The Secretary of State, on the other hand, concluded that there was a strong need for the project to go ahead in his decision letter, contrasting Manston’s offering with Heathrow, Stansted and East Midlands Airports, and recognising the benefits the project would bring in terms of employment and regeneration, inward investment, increased access to the UK market and resilience.

Local residents have argued that the project goes against carbon emission targets in the UK and in the Paris Agreement.
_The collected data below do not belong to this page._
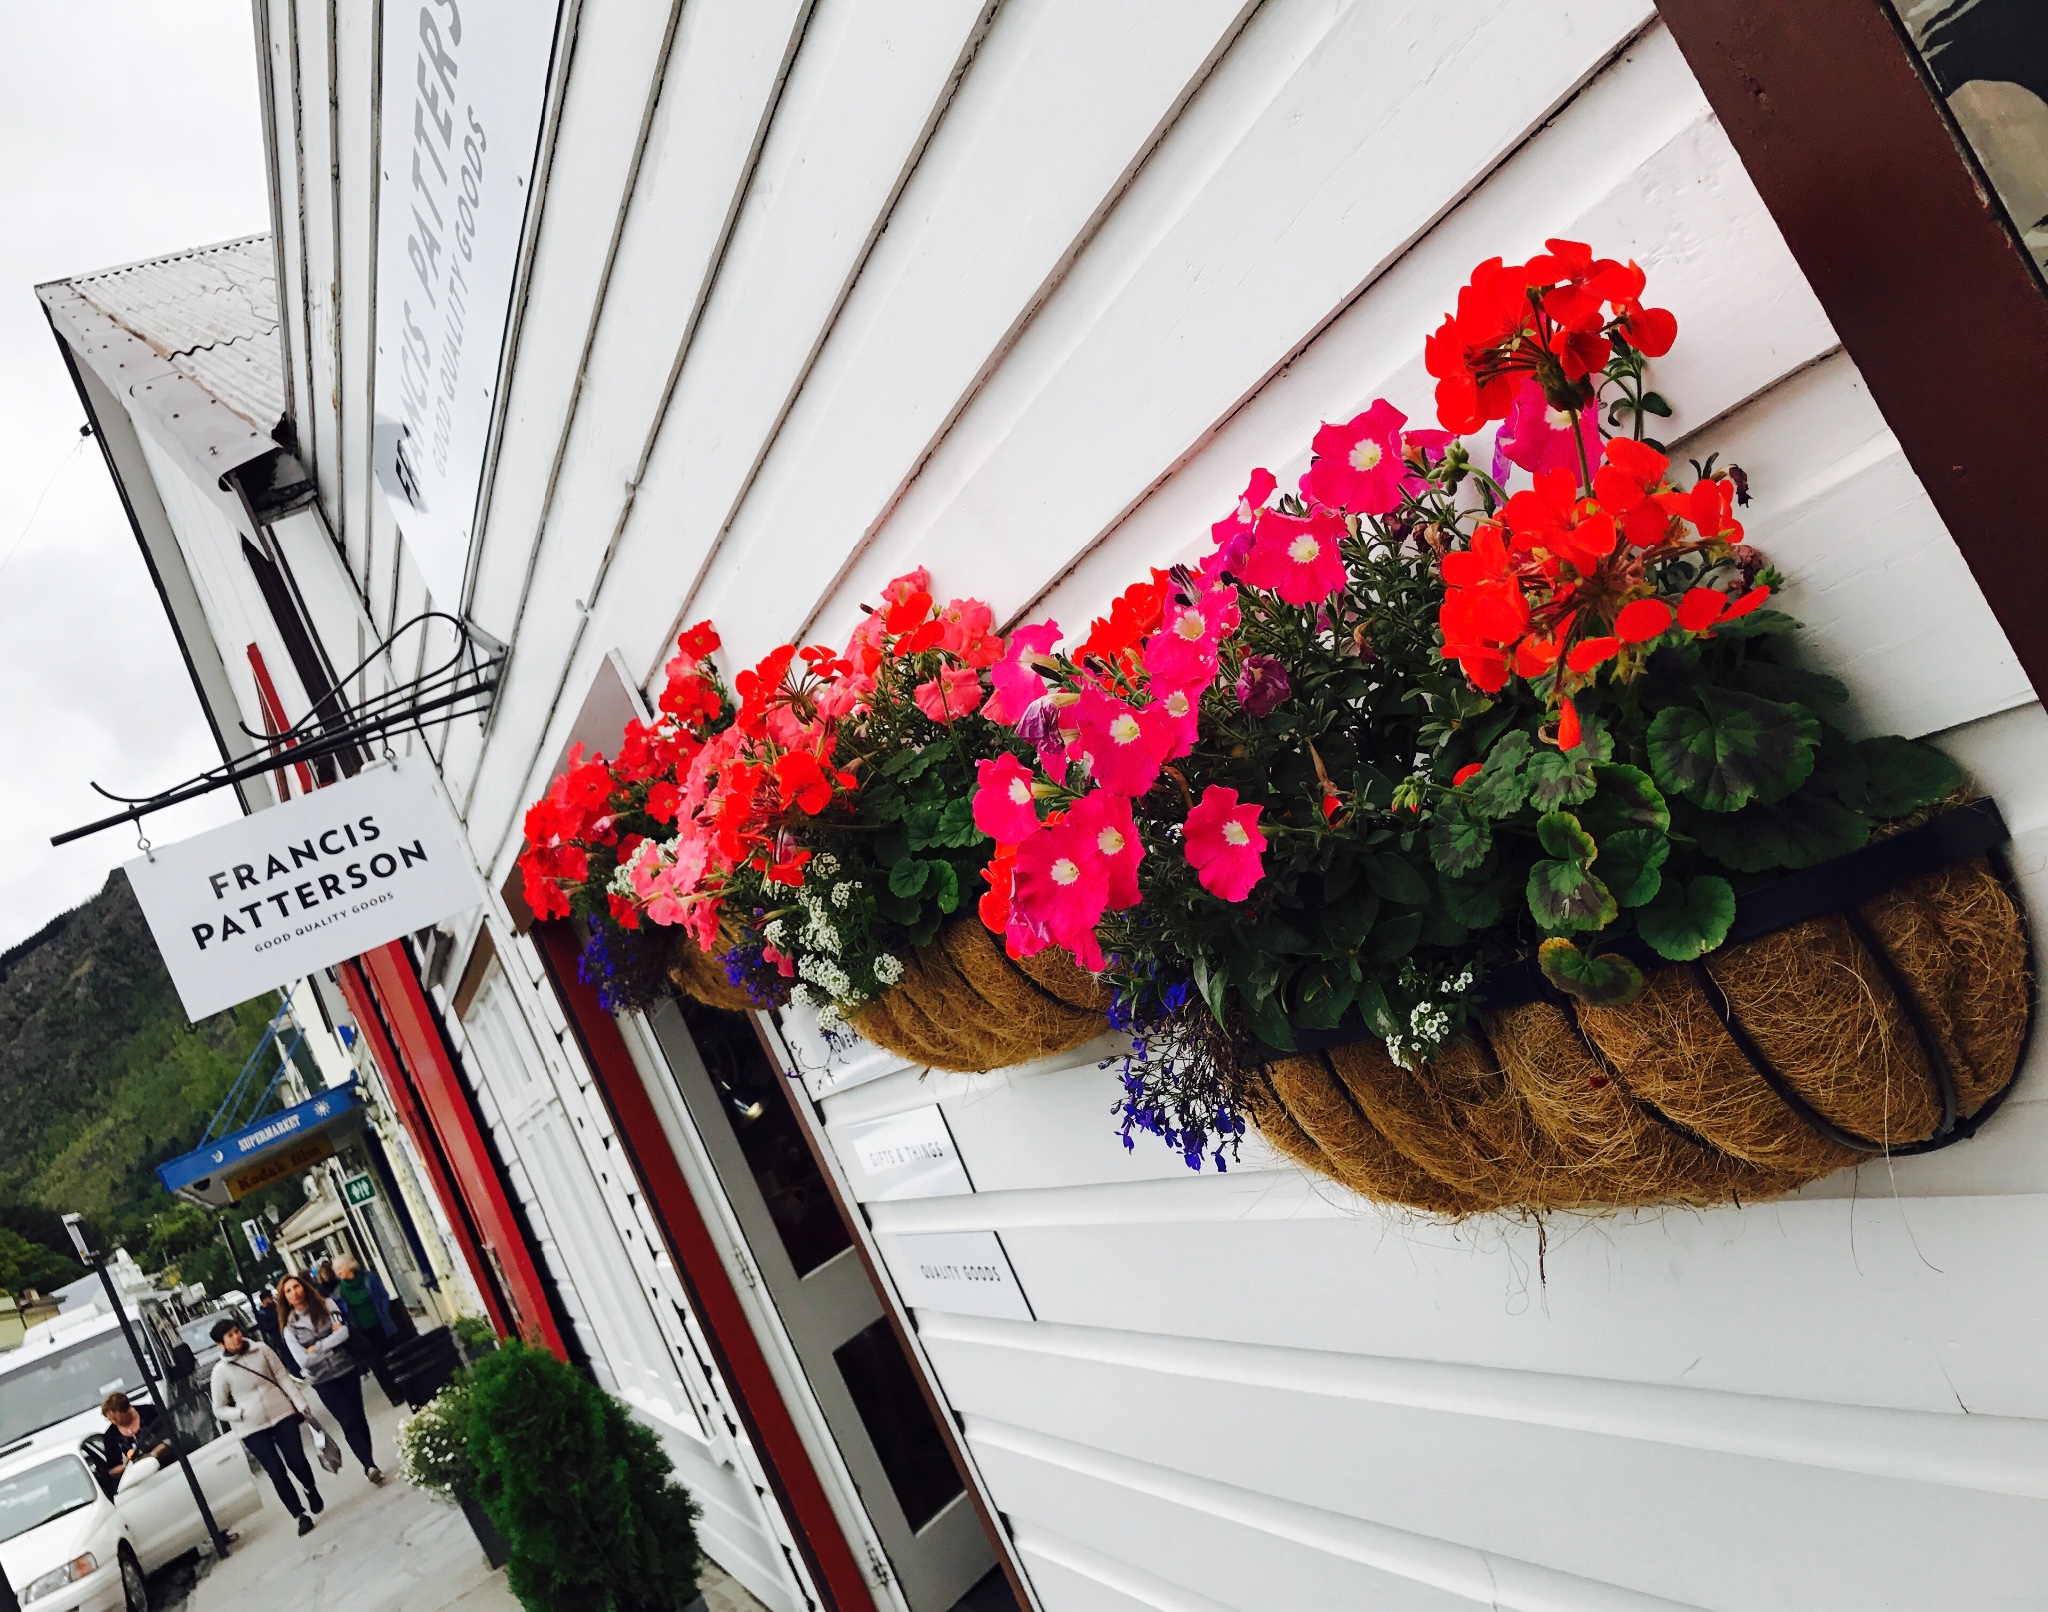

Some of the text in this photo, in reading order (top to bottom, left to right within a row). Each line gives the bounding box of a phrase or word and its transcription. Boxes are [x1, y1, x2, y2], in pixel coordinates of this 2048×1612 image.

[433, 104, 487, 479] GOOD QUALITY GOODS
[396, 299, 431, 512] FRANCIS
[208, 815, 381, 899] FRANCIS
[191, 839, 428, 951] PATTERSON
[255, 891, 395, 953] GOOD QUALITY GOODS
[237, 1113, 301, 1152] SUPERMARKET
[869, 1141, 943, 1167] GIFTS & THINGS
[920, 1264, 1001, 1282] QUALITY GOODS
How does RSP respond?

RSP has committed to everything within the airport, except emissions from aircraft, being carbon neutral within five years of opening; emissions from international flights are not currently included in the UK’s carbon emission targets.   

For emissions from aviation, the Climate Change Committee has recommended that they be limited to 30 million tonnes of CO2 equivalent to allow the UK to achieve net zero, although the government has yet to endorse this. Even at full capacity and based on emissions from existing aircraft, Manston would only take up 2.4% of that figure.
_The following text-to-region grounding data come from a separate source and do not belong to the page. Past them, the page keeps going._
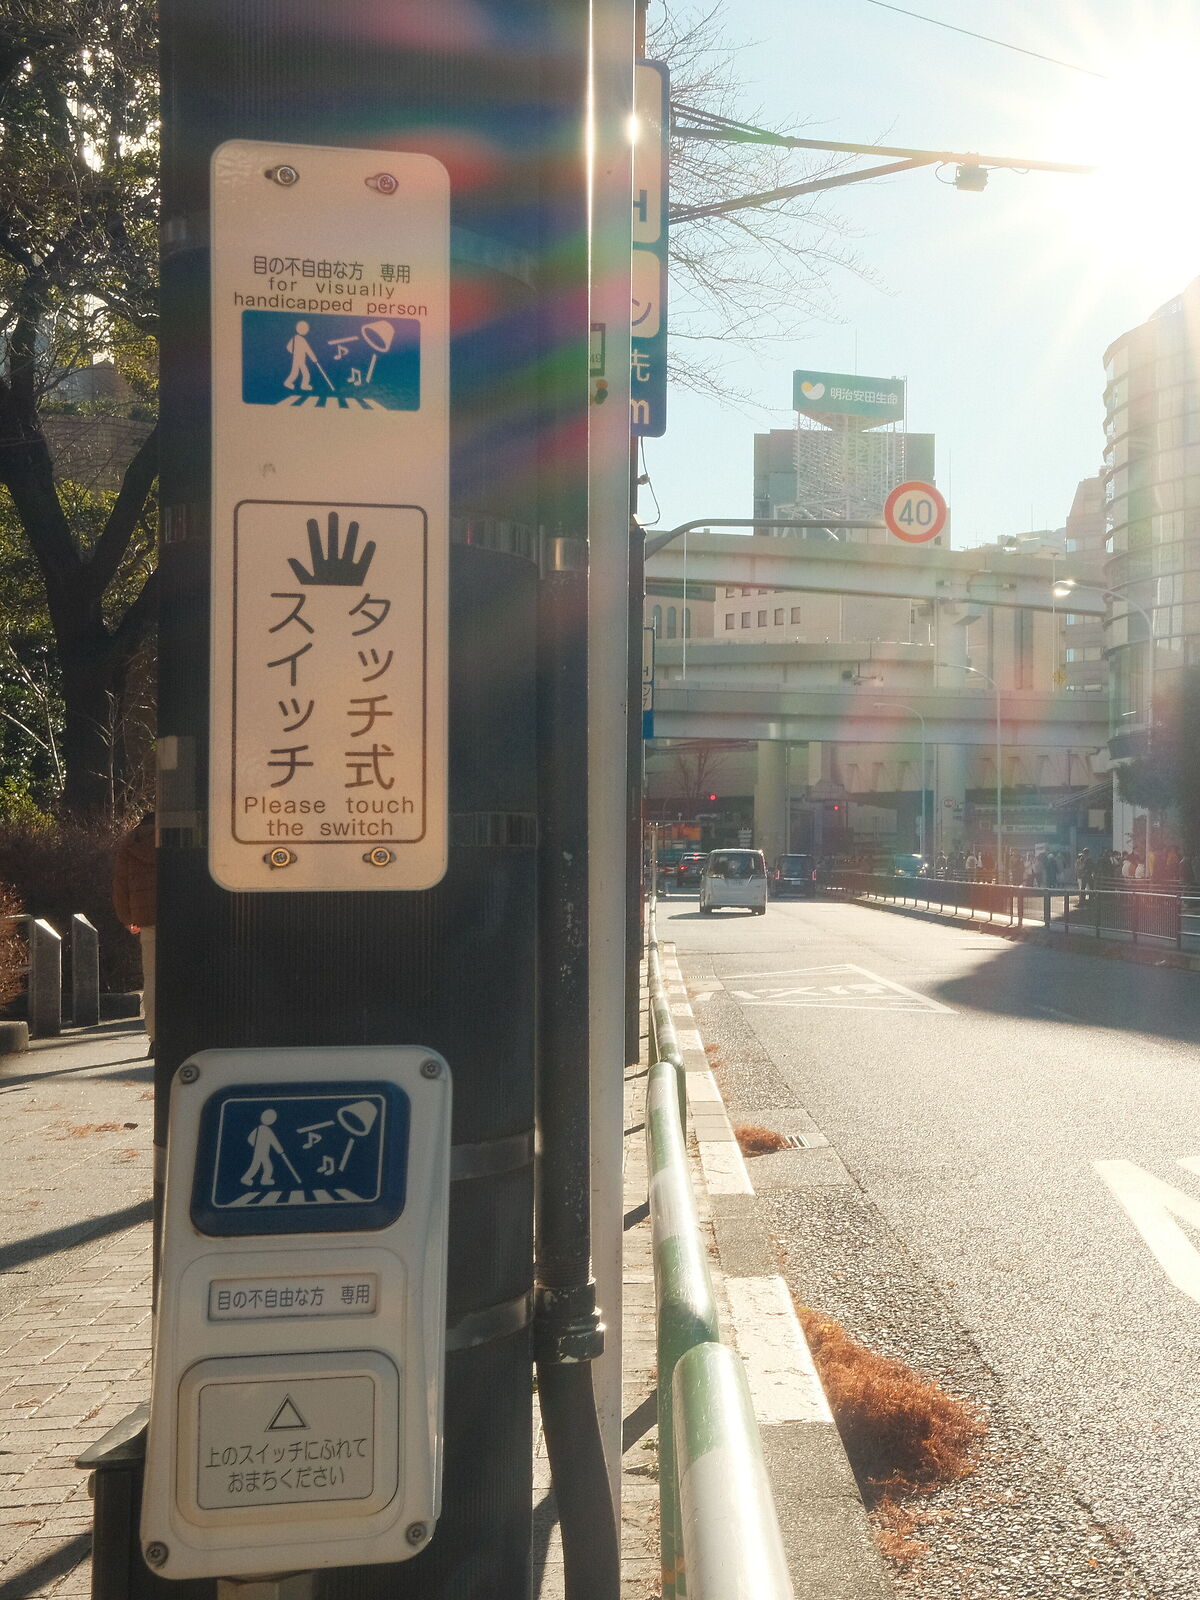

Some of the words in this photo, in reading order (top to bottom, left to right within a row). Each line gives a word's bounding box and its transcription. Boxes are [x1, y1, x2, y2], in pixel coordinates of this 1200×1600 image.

[253, 255, 364, 281] 目の不自由な方
[380, 264, 411, 284] 専用
[268, 278, 298, 292] for
[316, 279, 395, 299] visually
[234, 292, 352, 313] handicapped
[366, 301, 428, 317] person
[831, 388, 897, 403] 明治安田生命
[899, 500, 932, 526] 40
[267, 592, 315, 789] スイッチ
[344, 592, 395, 790] タッチ式
[244, 796, 326, 814] Please
[346, 796, 414, 814] touch
[267, 818, 304, 836] the
[319, 818, 394, 837] switch
[218, 1285, 325, 1311] 目の不自由な方
[340, 1284, 371, 1306] 専用
[205, 1437, 367, 1470] 上のスイッチにふれて
[227, 1466, 345, 1493] おまちください
Aviation emissions are an international issue and RSP will play its part in minimising them through incentives placed on its customers and offsetting the remainder through mechanisms, such as the CORSIA offsetting scheme. RSP is therefore confident that the reopening of Manston is compatible with the UK’s obligations under the Climate Change Act 2008 and the Paris Agreement.

Manston was continuously operational from 1916 to 2014, initially as an RAF base. Credit: RSP

What do you think about the other objections, including cargo flights at night will ‘blight two towns’?
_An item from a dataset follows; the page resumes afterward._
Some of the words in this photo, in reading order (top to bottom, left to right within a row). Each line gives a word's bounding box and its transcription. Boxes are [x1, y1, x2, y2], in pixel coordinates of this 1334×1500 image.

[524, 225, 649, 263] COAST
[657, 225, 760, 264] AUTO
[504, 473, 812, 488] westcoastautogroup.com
RSP has committed to an extensive Noise Mitigation Plan. This includes not having any scheduled or otherwise planned services at night – i.e. from 11pm to 6am – and fining aircraft operators that breach noise limits or deviate from approved flightpaths.

With these measures in place RSP is confident there will be no impact on nearby centres of population from aircraft noise at night. Even noise from aircraft during the day will be mitigated with RSP’s sound insulation offers to nearby residences and public buildings.

Even at its fully permitted capacity, Manston would have fewer than 6% of the air transport movements at Heathrow in 2019, affecting a much smaller population; Heathrow is planning to increase its total by 50%.

Further, of over 2,000 representations made in respect of RSP’s application for development consent to build and operate the airport, nearly half were in favour of the project.

What are the implications for RSP of the recent court decision to quash the development?

The decision to approve the project was challenged by a crowdfunded resident of Ramsgate, on the grounds of insufficient reasons for differing from the inspectors on need, climate change impact, and a technical ground of not consulting on conclusions of fact that differed from the inspectors’.

The Secretary of State for Transport decided not to defend the challenge on the insufficient reasons ground only, and he and the challenger agreed the terms of withdrawal, which the High Court subsequently endorsed.

RSP is naturally disappointed that through no fault of its own the Secretary of State gave inadequate reasons for disagreeing with the inspectors on need. Rather than putting the project back to square one, the order of the High Court only winds the process back one stage, so that the decision of the Secretary of State must be retaken following a limited consultation.

We are confident that the Secretary of State will again approve the project and this time give sufficient reasons for doing so.

An impression of how the new freight hub at Manston Airport will look in 2022. Credit: RSP

If the project is put on hold again, will RSP abandon its plans for Manston?

We have faced many hurdles over the past seven years, as is common with complex infrastructure planning projects. RSP and its investors remain absolutely committed to our proposals for the airport and certain of their deliverability and the benefit they will bring to the local and regional economy in south-east England.  

In terms of making up for any delay, we are still confident that an opening date in late 2023 is achievable, providing there is no significant additional delay as a result of the forthcoming consultation and decision-making period.